Kompozycja jest rzeczywiście mocna, dosadna i monolityczna. Głośna, ale też przepełniona elegancką, dymną czernią.
Uwaga, kadzidlani zapaleńcy! Nie bierzcie moich słów dosłownie, mam na myśli raczej zapach kompletnie niejadalnych ciasteczek, ciężkich od wanilii, lukrecji, utartego w moździerzu anyżku oraz rtęci, wyjętych z pieca dokładnie w chwili przekraczania granicy przypalenia. Płynem scalającym składniki suche ciastek okazały się lekko oleisty napar z cykuty oraz Aqua Tofana.
Hypnotic Poison Elixir zamieszkuje te same terytoria, co wspomniane ciasteczka. :) Niby jest słodki, gorący, aksamitny i jak najbardziej "jadalny", ale też duszny, upojnie ciężki, przytłaczający; mocarny. Nic mu nie umknie.
Gęsty od waniliowo-anyżowej lukrecji, osnutej wokół i tak hegemonicznego jaśminu, wplata się we włosy, wypala skórę, pozbawia płuca powietrznego wkładu.

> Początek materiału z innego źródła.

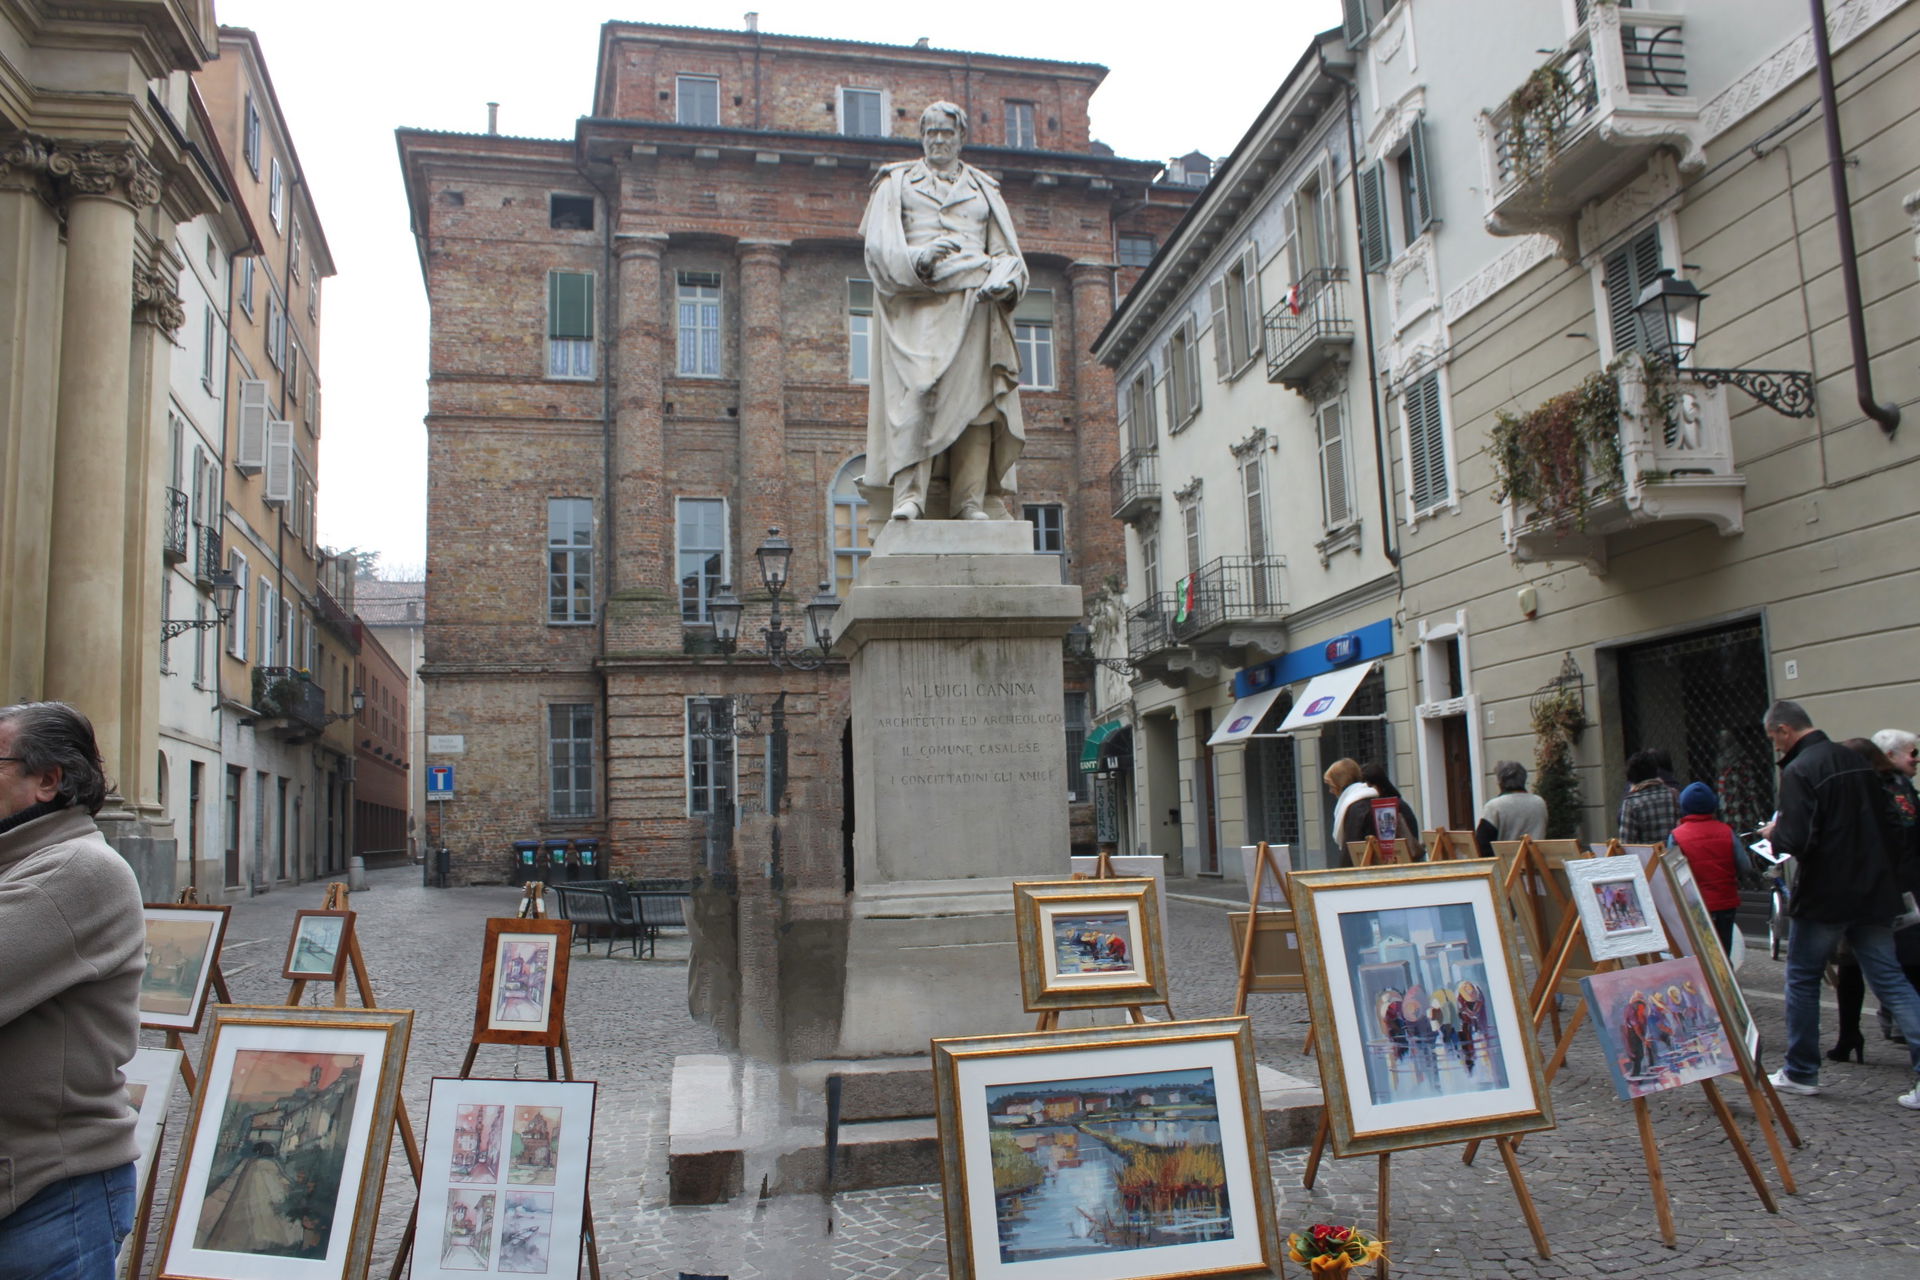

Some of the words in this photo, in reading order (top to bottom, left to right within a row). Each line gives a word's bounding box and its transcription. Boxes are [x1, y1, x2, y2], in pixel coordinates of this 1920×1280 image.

[904, 686, 913, 698] A
[923, 684, 968, 699] LUIGI
[976, 682, 1036, 697] CANINA
[877, 715, 955, 729] ARCHITETTO
[961, 715, 977, 727] ED
[983, 713, 1062, 727] ARCHEOLOGO
[902, 746, 912, 757] IL
[920, 744, 973, 757] COMUNE
[979, 742, 1041, 755] CASALESE
[901, 772, 988, 786] CONCITTADINI
[994, 771, 1012, 783] GLI
[1018, 770, 1053, 783] AMICI

Jest perfidnie, okrutnie, zdradziecko doskonały. Morduje z uśmiechem, w otoczeniu jawnie bizantyjskiego przepychu; boleśnie i tak małymi kroczkami, że miną tygodnie, nim zorientujemy się, że już dawno przyjęliśmy śmiertelną dawkę a teraz nieuchronnie pędzimy ku ciemności.
Jestem nim zachwycona. ;>
Idealnie piękny.
Szkoda tylko, że doskonałość HP Elixir jest tak porażająco pełna. Dzięki niej bowiem mieszance brakuje życia, jakiejś przekory, niezbędnej dawki humoru. Choć w sumie... Cesarstwo Bizantyńskie nigdy nie słynęło z lekkiego dowcipu. ;)
Natomiast kolejna z mieszanek, Hypnotic Poison Eau Sensuelle, przywodzi na myśl czasy zdecydowanie bliższe współczesności. W ramach snutej przezeń opowieści toczą się efektowne, retro-postmodernistyczne knowania rodem z kryminałów Borysa Akunina.

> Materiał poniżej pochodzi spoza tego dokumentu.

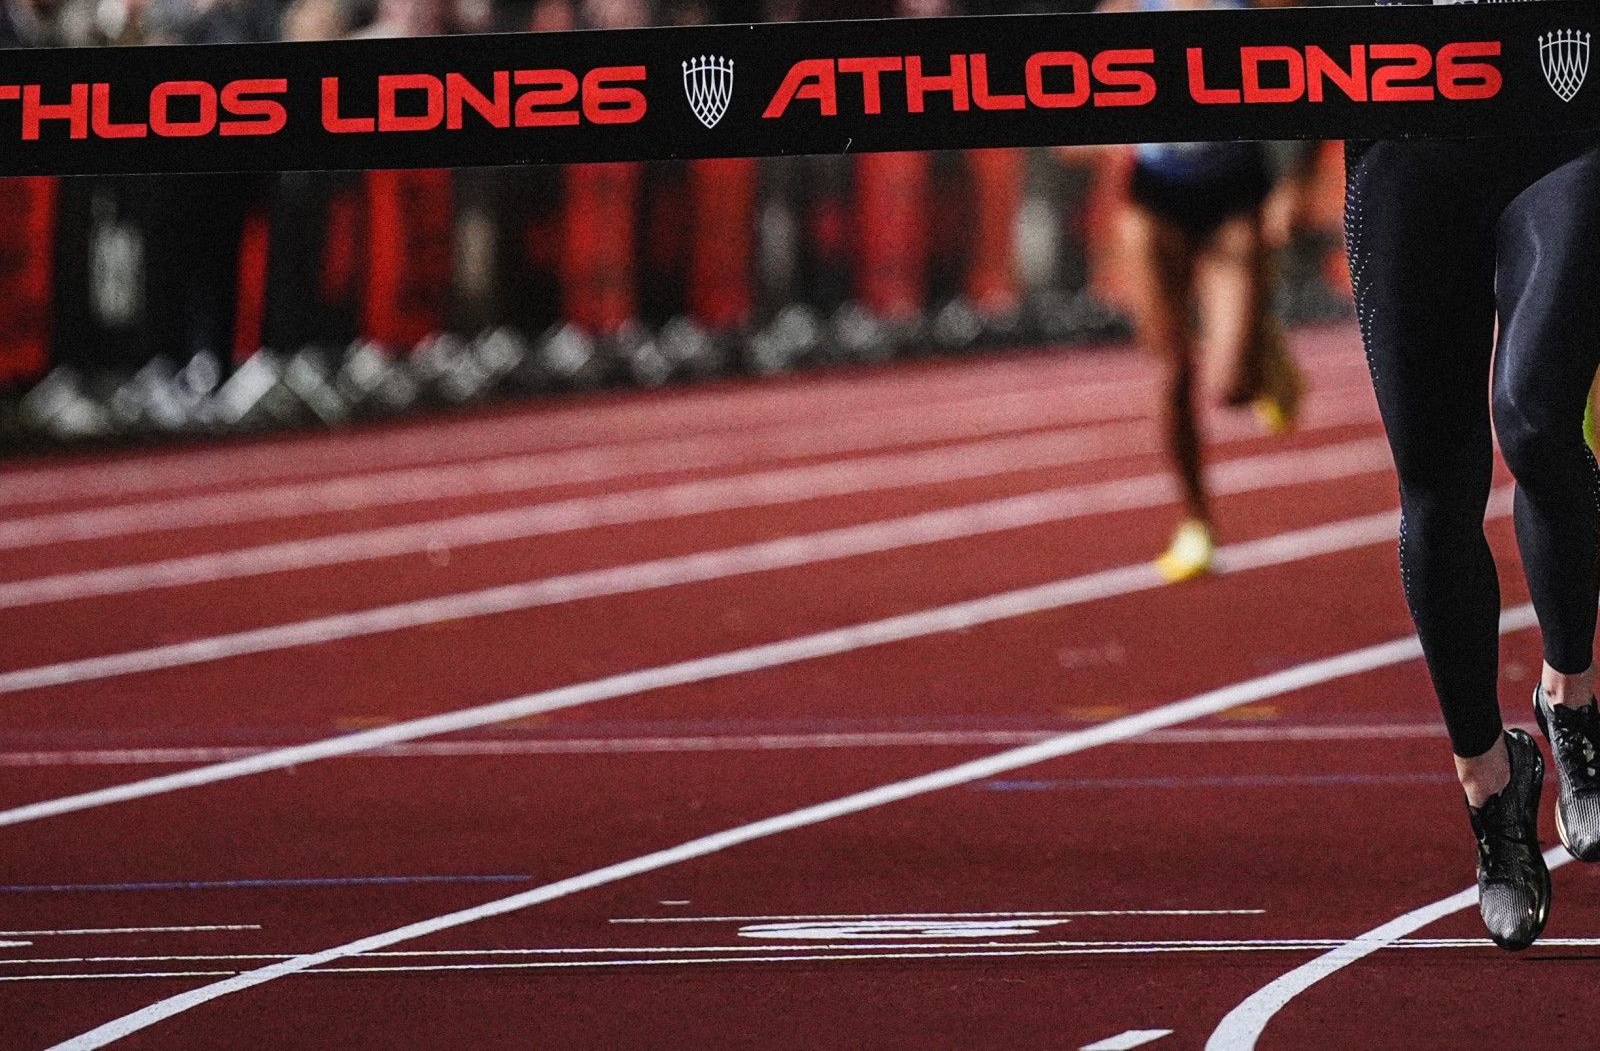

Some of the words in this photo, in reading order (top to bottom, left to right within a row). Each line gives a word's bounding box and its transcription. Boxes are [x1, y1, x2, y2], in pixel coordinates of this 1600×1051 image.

[0, 78, 288, 141] HLOS
[321, 65, 648, 134] LDN26
[762, 48, 1157, 118] ATHLOS
[1186, 41, 1503, 105] LDN26

Mamy bowiem do czynienia z salonową intrygą, misternie rozpiętą przez jakiegoś zawistnego pająka, żyjącego w wielkim mieście Wschodniej Europy gdzieś na przełomie wieków XIX i XX. W epoce pesymizmu, dekadencji, fermentu duchowego i intelektualnego, ponurych skojarzeń, uśpionego zła, seansów spirytystycznych, gniewnych Erynii i demonów, które po latach uśpienia bez pośpiechu wracają do życia śmiertelników.
Więc może to nie Akunin, tylko Marek Krajewski...?
Nie. Eau Sensuelle, mimo ewidentnie niecnych zamiarów nie jest aż tak mroczna, poza tym zawarto w niej pewien nierealistyczny, acz plastyczny, estetycznie wysmakowany urok. :) "Krajewskiej" fascynacji ponurą brzydotą świata nie stwierdzam.
Co jest, to ciasteczka upieczone według opisanej wyżej receptury, na szczęście zjedzone jednorazowo i (z pozoru) przypadkiem. Wyczuwam też szpital, stary, o wysokich białych ścianach, pełen pielęgniarek w staroświeckich kornetach, zmęczonych chirurgów w białych zakrwawionych kitlach, aromatów chloru czy lizolu.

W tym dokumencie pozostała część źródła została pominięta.